Available data START

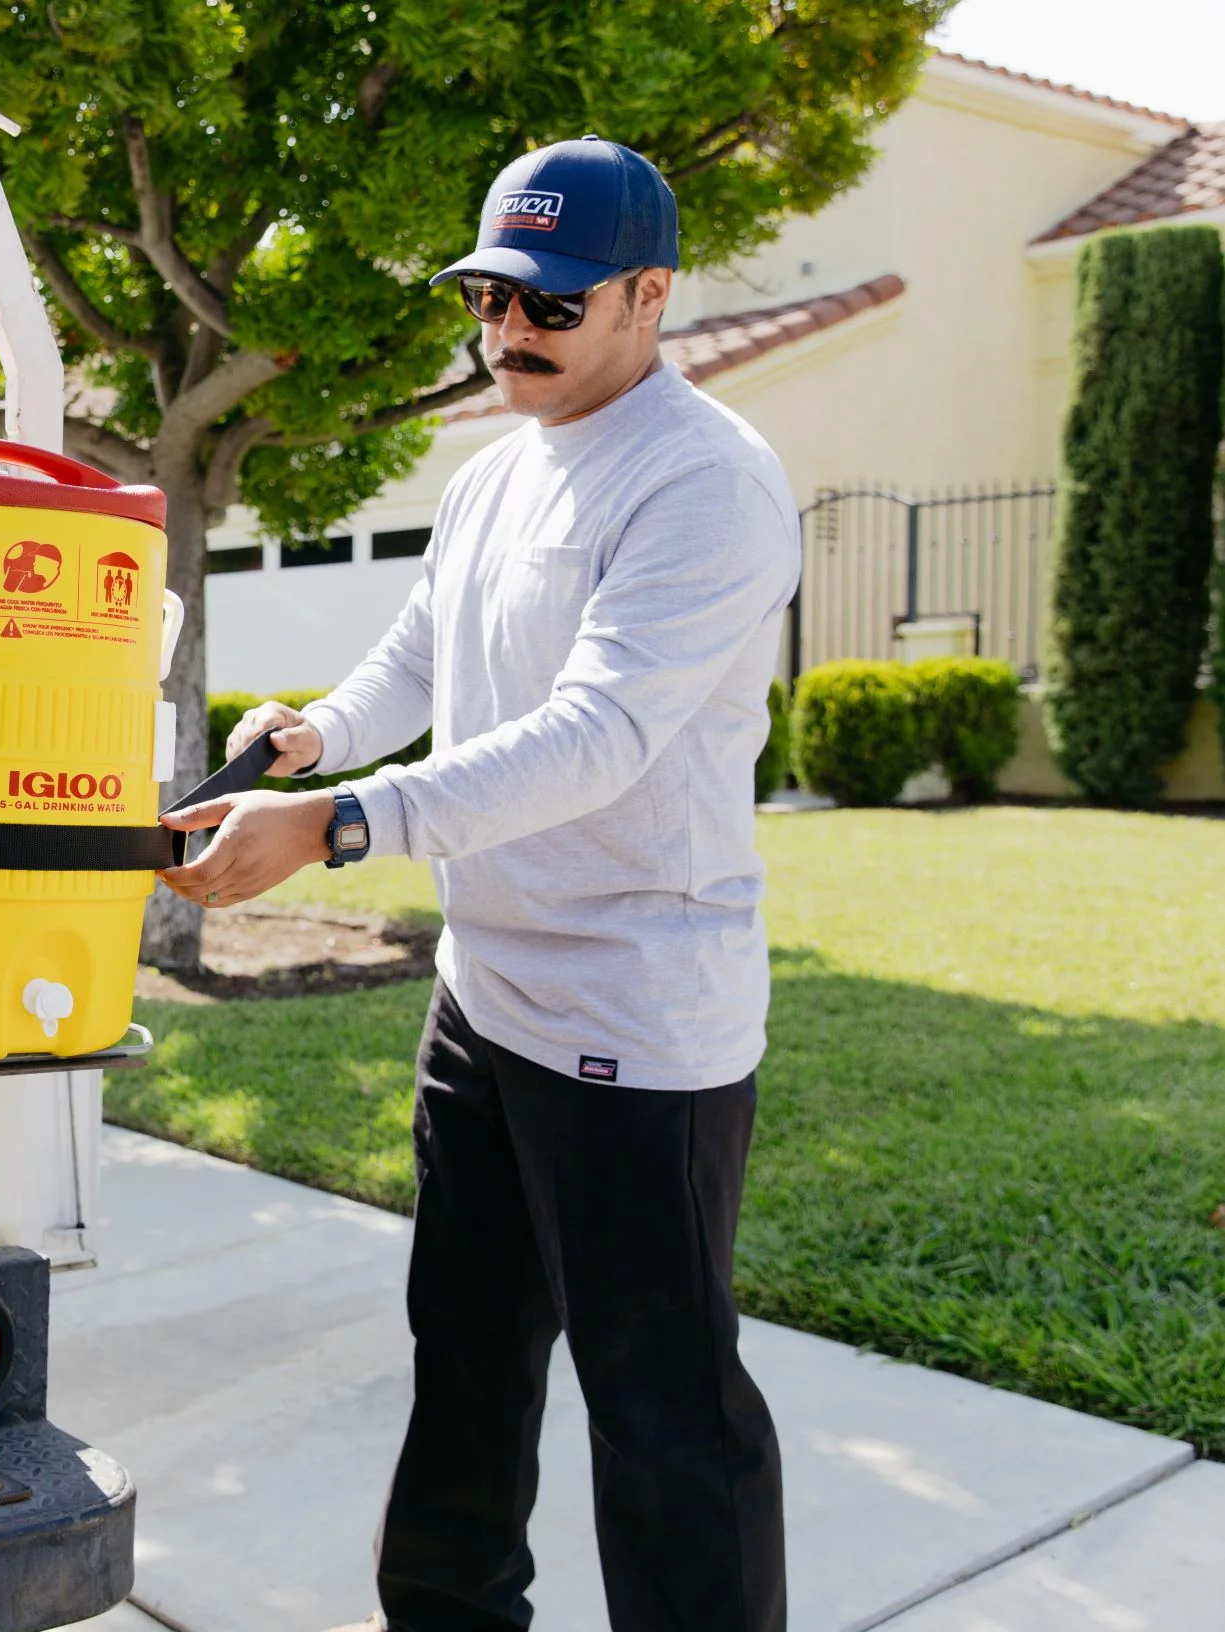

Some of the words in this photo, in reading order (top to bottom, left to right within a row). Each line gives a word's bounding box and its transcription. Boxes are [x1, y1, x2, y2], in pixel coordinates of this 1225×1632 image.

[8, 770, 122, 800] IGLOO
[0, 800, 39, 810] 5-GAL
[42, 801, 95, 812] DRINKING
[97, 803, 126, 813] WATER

Available data END

# Problem to work on
I'd like the material above repeated exactly, with the pictures omitted.

# Result
Some of the words in this photo, in reading order (top to bottom, left to right within a row). Each line gives a word's bounding box and its transcription. Boxes are [x1, y1, x2, y2], in pixel coordinates of this 1225×1632 image.

[8, 770, 122, 800] IGLOO
[0, 800, 39, 810] 5-GAL
[42, 801, 95, 812] DRINKING
[97, 803, 126, 813] WATER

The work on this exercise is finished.